Mrs. Aspinall walked rapidly to a thermostat on the wall, turned up the heat, and went over to the fireplace. “Brr, it’s so cold in here,” she said, taking a remote off the mantel and pointing it at the fireplace. A fire flamed up.
“Carl,” Mrs. Aspinall said, walking over to the chair. She picked up another remote and muted the TV. “This is Dr. Wright and Ms. Gardiner.”
“How do you do, Dr. Wright?” Carl said, coming forward to
shake hands. He looked just as healthy close up. His face was tanned, and his grip when he shook hands with Richard was strong. Except for the dark bruises and puncture marks on the back of his hand, Richard wouldn’t have believed he’d been in the hospital only three weeks ago, let alone in a coma. “Were you one of the doctors who stuck all those needles and wires and tubes in me?” Carl asked. “Or have we met before?

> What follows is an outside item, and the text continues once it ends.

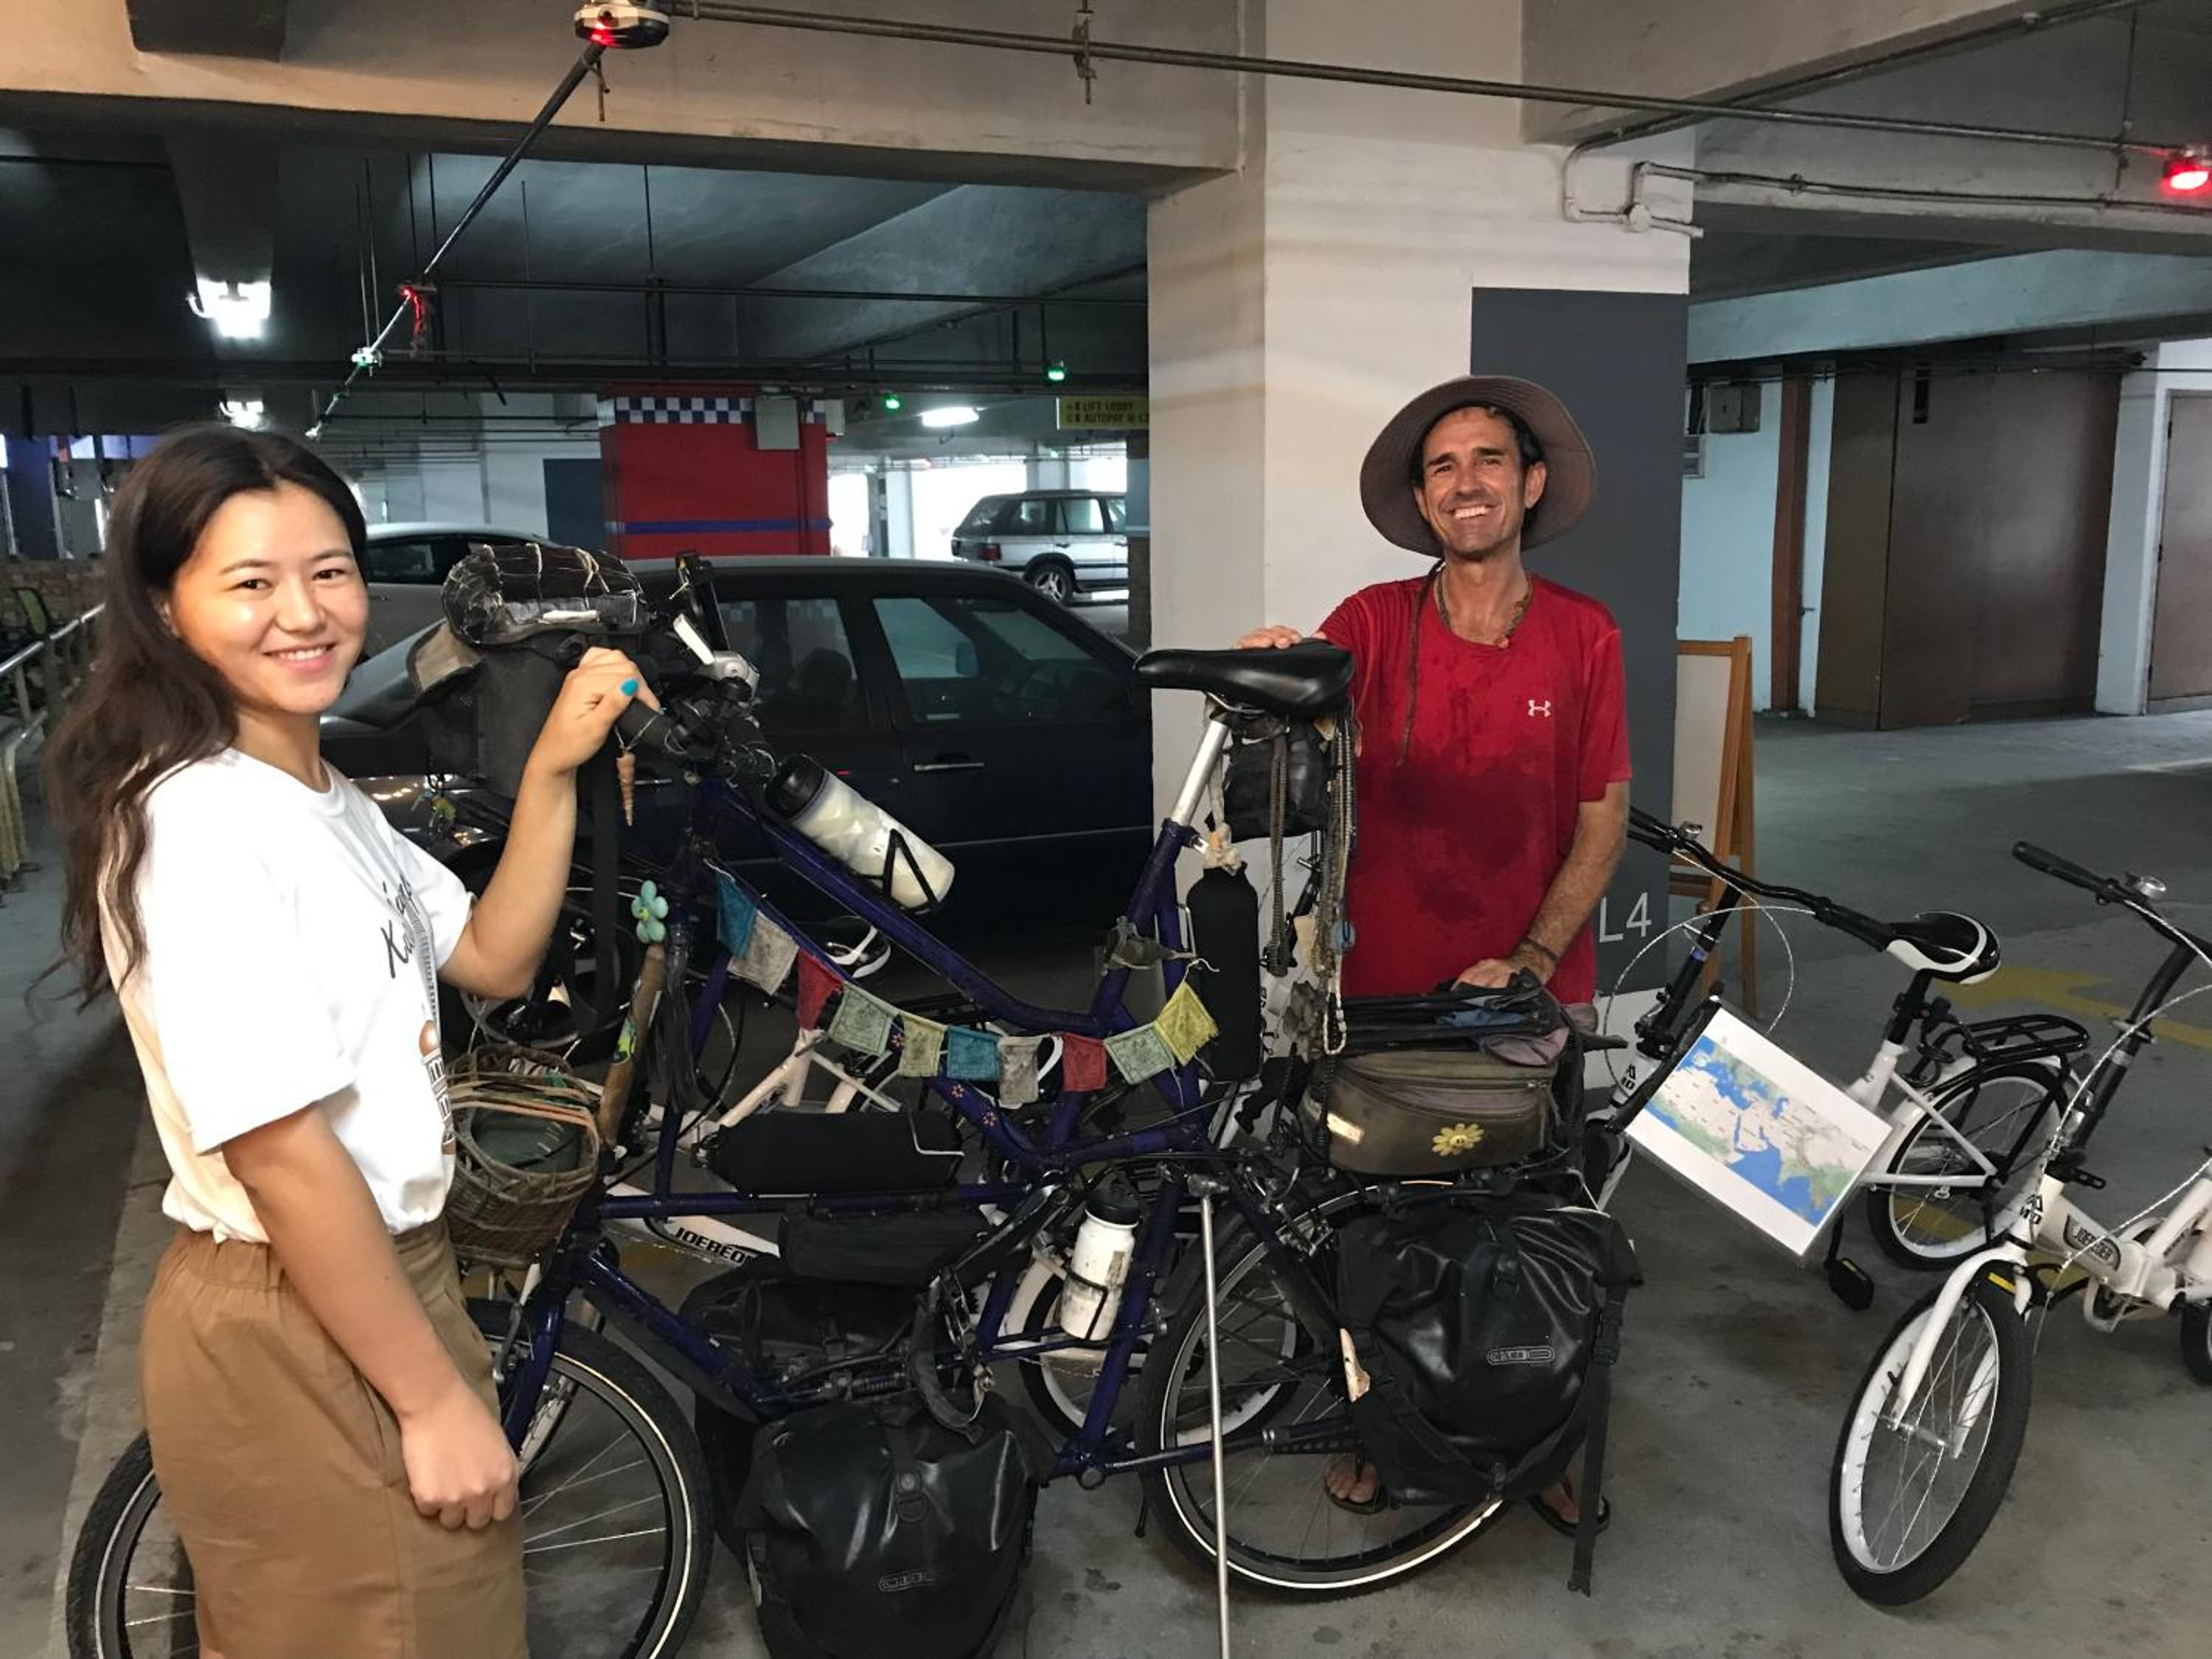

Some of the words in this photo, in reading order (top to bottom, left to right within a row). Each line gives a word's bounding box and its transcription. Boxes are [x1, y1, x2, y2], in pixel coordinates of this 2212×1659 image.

I keep meeting people who know me, and I don’t know them from Adam.”
“No,” Richard said. “We’ve never met. I’m—”
“And I
know
I’ve never met you,” Carl said, stepping past him to shake hands with Kit. “I definitely would have remembered that.”
“How do you do, Mr. Aspinall?” Kit said, smiling. “How are you feeling?”
“Fine. Fit as a fiddle,” he said. “Good as new.”
“Sit down, sit down,” Mrs. Aspinall said, motioning them toward the couch. They sat down, and so did Carl, leaning his walking stick against the arm of his chair. Mrs. Aspinall remained standing. Standing guard, Richard thought.
“Mr. Aspinall,” he said, “we won’t take much of your time. We just want to ask you a few questions about Joanna Lander.”
“Do you remember Dr. Lander, Carl?” Mrs. Aspinall asked. “I’ve told you about so many people, I know it’s confusing—”
Don’t lead, Richard thought, and looked anxiously at Carl, but he was nodding. “Joanna,” he said. “She came to see me. The day I . . . ” His voice trailed off and he looked past them out the window at the icy stream.
At the water, Richard thought. It flowed dark and clear, half under and half over a thin film of ice.
“The day you regained consciousness?” Kit prompted.
“Yes. She died,” Carl said, and then after a moment, “Didn’t she?”
“Yes,” Richard said. “She was killed later that same day.”
“I thought so,” Carl said. “I get it confused sometimes, what really happened and what . . . ” his voice trailed off again.
“Dr. Cherikov said you’d be a little confused at first,” Mrs. Aspinall said, “because of all the medications.”
“That’s right. The medications,” he said. “Are you doing something in Joanna’s memory?” he asked. “A charity fund or something? I’d like to contribute.”
“No,” Richard said, “that isn’t why we came—”
“There
is
something we’re trying to do for Joanna,” Kit said earnestly, “and we need your help. We think Joanna found out something important that day about the research she and Dr. Wright were doing. We’re trying to find out what it was. We think she may have said something to someone about it.”